• [WHAT YOU NEED TO DO]
Omit the pictures, then write out every entry exactly as it reads.

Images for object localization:
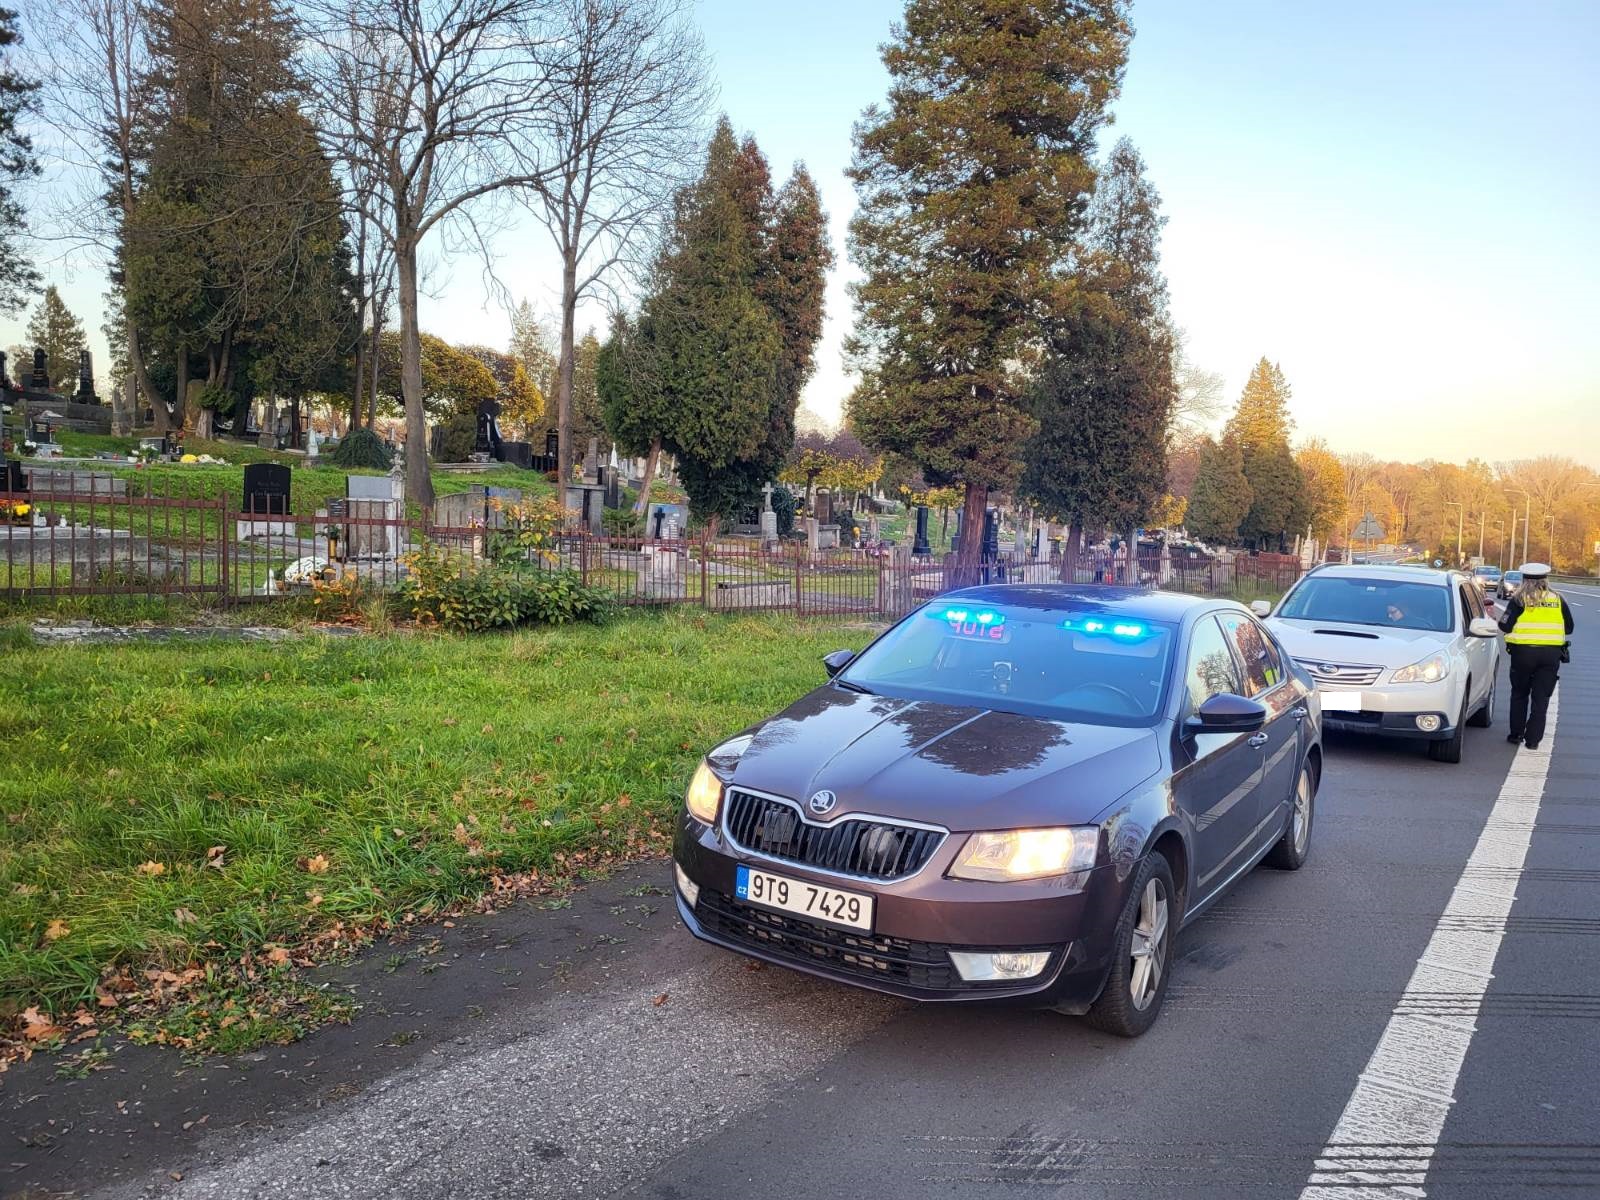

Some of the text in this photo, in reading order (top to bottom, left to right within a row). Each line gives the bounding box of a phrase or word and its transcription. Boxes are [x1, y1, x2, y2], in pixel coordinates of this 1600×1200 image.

[737, 886, 747, 895] CZ
[753, 874, 861, 923] 9T9 7429
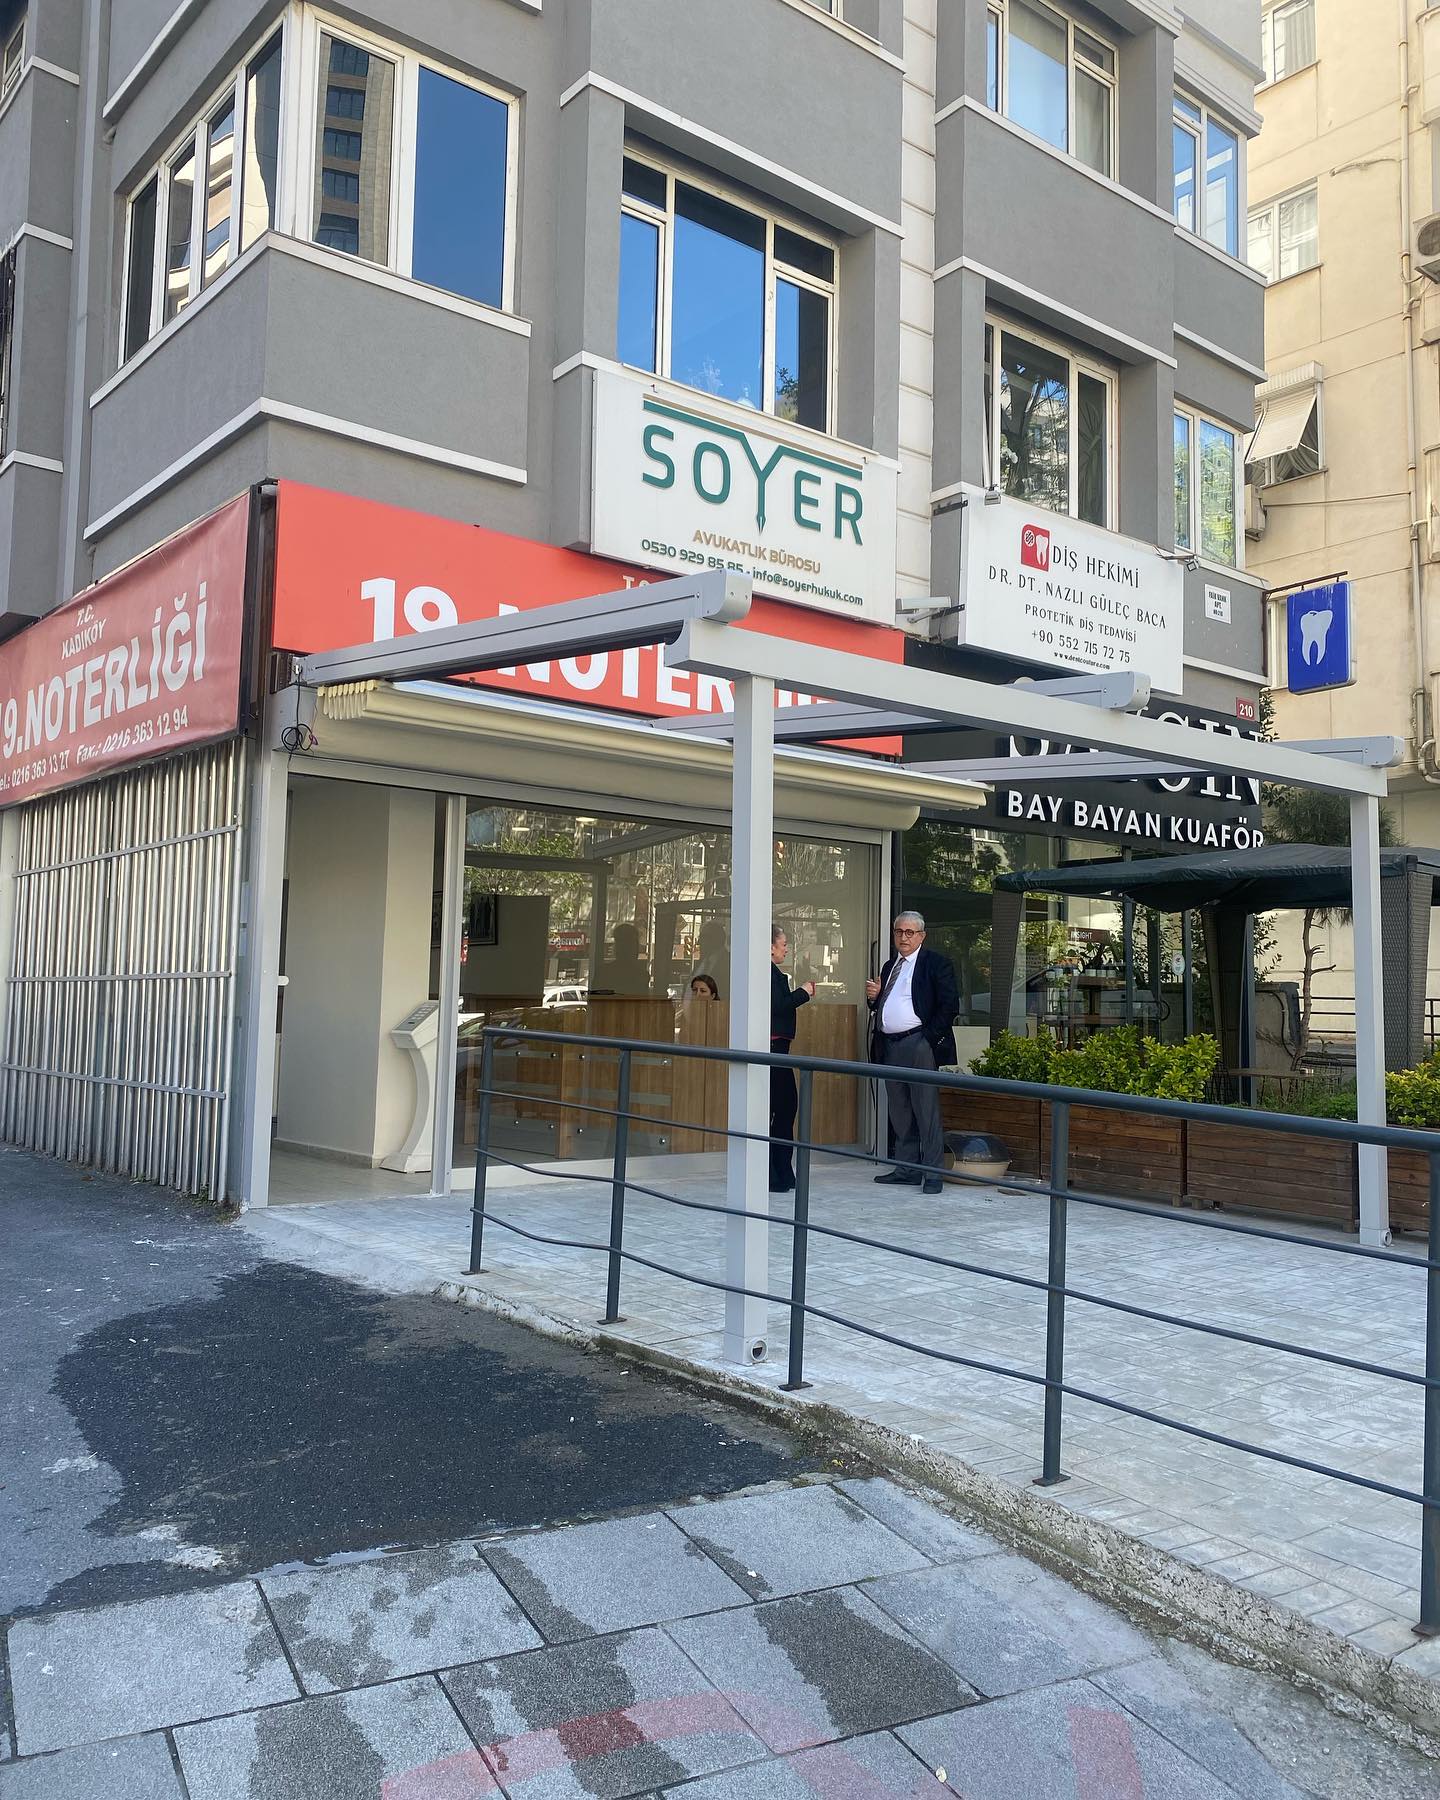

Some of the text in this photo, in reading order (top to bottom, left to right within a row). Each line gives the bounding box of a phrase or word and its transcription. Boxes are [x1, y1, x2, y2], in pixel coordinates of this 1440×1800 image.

[641, 400, 864, 545] SOYER
[641, 538, 677, 557] 0530
[679, 549, 705, 565] 929
[708, 556, 724, 569] 85
[752, 567, 864, 606] info@soyerhukuk.com
[692, 530, 821, 574] AVUKATLIK BÜROSU
[1053, 546, 1140, 588] DİŞ HEKİMİ
[76, 604, 95, 627] T.C.
[989, 565, 1167, 630] DR. DT. NAZLI GÜLEÇ BACA
[61, 618, 107, 660] KADIKÖY
[1025, 604, 1137, 643] PROTETİK DİŞ TEDAVİSİ
[1031, 629, 1131, 664] +90 552 715 72 75
[0, 581, 208, 759] 9.NOTERLİĞİ
[1239, 703, 1254, 718] 210
[11, 765, 31, 787] 0216
[31, 758, 47, 780] 363
[49, 753, 59, 774] 13
[59, 749, 70, 771] 27
[76, 742, 103, 765] Fax.:
[102, 728, 131, 754] 0216
[132, 719, 154, 745] 363
[157, 712, 171, 737] 12
[173, 704, 188, 732] 94
[1008, 789, 1264, 850] BAY BAYAN KUAFÖR

• [WRITTEN RESPONSE]
Some of the text in this photo, in reading order (top to bottom, left to right within a row). Each line gives the bounding box of a phrase or word and its transcription. Boxes are [x1, y1, x2, y2], in pixel coordinates of this 1600×1200 image.

[737, 886, 747, 895] CZ
[753, 874, 861, 923] 9T9 7429

Some of the text in this photo, in reading order (top to bottom, left to right within a row). Each line gives the bounding box of a phrase or word and its transcription. Boxes are [x1, y1, x2, y2], in pixel coordinates of this 1440×1800 image.

[641, 400, 864, 545] SOYER
[641, 538, 677, 557] 0530
[679, 549, 705, 565] 929
[708, 556, 724, 569] 85
[752, 567, 864, 606] info@soyerhukuk.com
[692, 530, 821, 574] AVUKATLIK BÜROSU
[1053, 546, 1140, 588] DİŞ HEKİMİ
[76, 604, 95, 627] T.C.
[989, 565, 1167, 630] DR. DT. NAZLI GÜLEÇ BACA
[61, 618, 107, 660] KADIKÖY
[1025, 604, 1137, 643] PROTETİK DİŞ TEDAVİSİ
[1031, 629, 1131, 664] +90 552 715 72 75
[0, 581, 208, 759] 9.NOTERLİĞİ
[1239, 703, 1254, 718] 210
[11, 765, 31, 787] 0216
[31, 758, 47, 780] 363
[49, 753, 59, 774] 13
[59, 749, 70, 771] 27
[76, 742, 103, 765] Fax.:
[102, 728, 131, 754] 0216
[132, 719, 154, 745] 363
[157, 712, 171, 737] 12
[173, 704, 188, 732] 94
[1008, 789, 1264, 850] BAY BAYAN KUAFÖR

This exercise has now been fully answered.